Databricks Community

alex307 · a month ago

Hi everyone,

I'm using a ThreadPoolExecutor in Databricks to run multiple notebooks at the same time. The problem is that it seems like all the processing happens on the driver node, while the executor nodes are idle. This causes the driver to run out of memory and eventually crash.

Each notebook performs the same steps - creating large pandas and spark dataframes, then adding them to delta tables. I'm not sure what I'm missing here. How can I ensure that the workload is properly distributed across the executor nodes, rather than putting all the pressure on the driver?

I am waiting your reply. Thanks in Advance!

mmayorga · a month ago

Greetings @alex307 and thank you for sending your question.

When using ThreadPoolExecutor to run multiple notebooks concurrently in Databricks, the workload is being executed on the driver node rather than distributed across Spark executors. This results in high driver memory consumption and can lead to out-of-memory errors or crashes, especially when manipulating large pandas and Spark DataFrames or writing to delta tables.

Why This Happens

ThreadPoolExecutor is a Python-level parallelization tool, so its operations take place on the driver node only. The main Spark executors remain idle unless specifically utilized via Spark actions. Additionally, conventional pandas operations are not distributed—they are limited to driver's memory and compute resources. This restricts cluster scalability and leads to instability if the driver’s resources are exceeded.

Recommended Workarounds and Considerations

Migrate pandas workloads to pandas API on Spark: Use the pandas API on Spark (import pyspark.pandas as ps) to run familiar pandas-style code at scale. This approach distributes workloads efficiently across cluster executors, dramatically improving resource utilization and scalability.
Favor Spark DataFrame operations: Where possible, process large datasets with Spark DataFrames and Spark SQL. These are designed for distributed computation and keep memory use balanced among all cluster nodes.
Limit driver-side processing: Avoid collecting large datasets into driver memory (for example, don’t use .collect() or .toPandas() on massive DataFrames). Use .limit() and preview data subsets when necessary.
Increase driver resources if necessary: For workflows that require intensive driver-side processing, consider resizing your driver node, but note this is less scalable and may incur higher costs.
Optimize cluster configuration: Monitor driver memory in the Spark UI and adjust cluster settings. Periodically restart clusters to clear stale objects and memory, and run heavy jobs on dedicated clusters.
Review official performance recommendations: Follow Databricks best practices to maximize cluster stability and efficiency.

References

I hope this helps and if it does, please Accept it as solution, thank you!.

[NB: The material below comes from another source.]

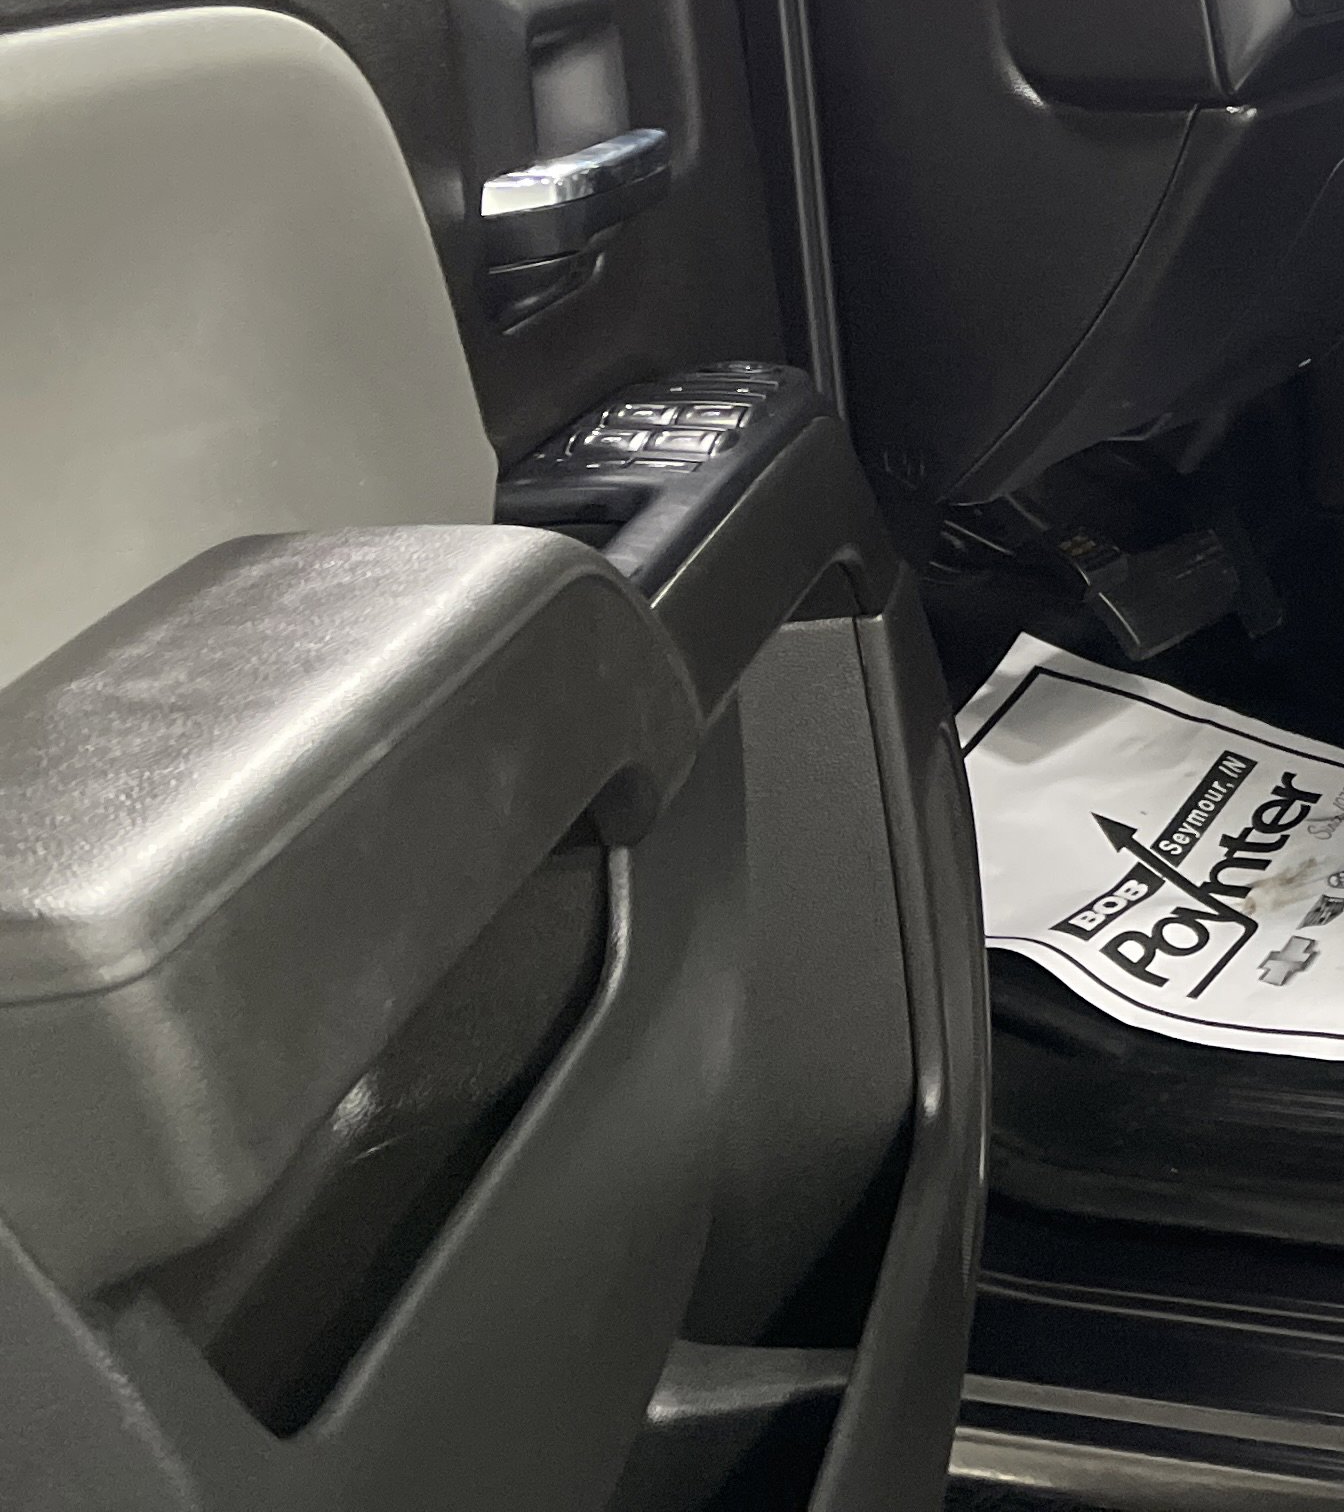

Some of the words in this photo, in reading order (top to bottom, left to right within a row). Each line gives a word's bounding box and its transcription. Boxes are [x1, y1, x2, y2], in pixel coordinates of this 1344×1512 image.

View solution in original post

mmayorga · a month ago

Greetings @alex307 and thank you for sending your question.

When using ThreadPoolExecutor to run multiple notebooks concurrently in Databricks, the workload is being executed on the driver node rather than distributed across Spark executors. This results in high driver memory consumption and can lead to out-of-memory errors or crashes, especially when manipulating large pandas and Spark DataFrames or writing to delta tables.

Why This Happens

ThreadPoolExecutor is a Python-level parallelization tool, so its operations take place on the driver node only. The main Spark executors remain idle unless specifically utilized via Spark actions. Additionally, conventional pandas operations are not distributed—they are limited to driver's memory and compute resources. This restricts cluster scalability and leads to instability if the driver’s resources are exceeded.

Recommended Workarounds and Considerations

Migrate pandas workloads to pandas API on Spark: Use the pandas API on Spark (import pyspark.pandas as ps) to run familiar pandas-style code at scale. This approach distributes workloads efficiently across cluster executors, dramatically improving resource utilization and scalability.
Favor Spark DataFrame operations: Where possible, process large datasets with Spark DataFrames and Spark SQL. These are designed for distributed computation and keep memory use balanced among all cluster nodes.
Limit driver-side processing: Avoid collecting large datasets into driver memory (for example, don’t use .collect() or .toPandas() on massive DataFrames). Use .limit() and preview data subsets when necessary.
Increase driver resources if necessary: For workflows that require intensive driver-side processing, consider resizing your driver node, but note this is less scalable and may incur higher costs.
Optimize cluster configuration: Monitor driver memory in the Spark UI and adjust cluster settings. Periodically restart clusters to clear stale objects and memory, and run heavy jobs on dedicated clusters.
Review official performance recommendations: Follow Databricks best practices to maximize cluster stability and efficiency.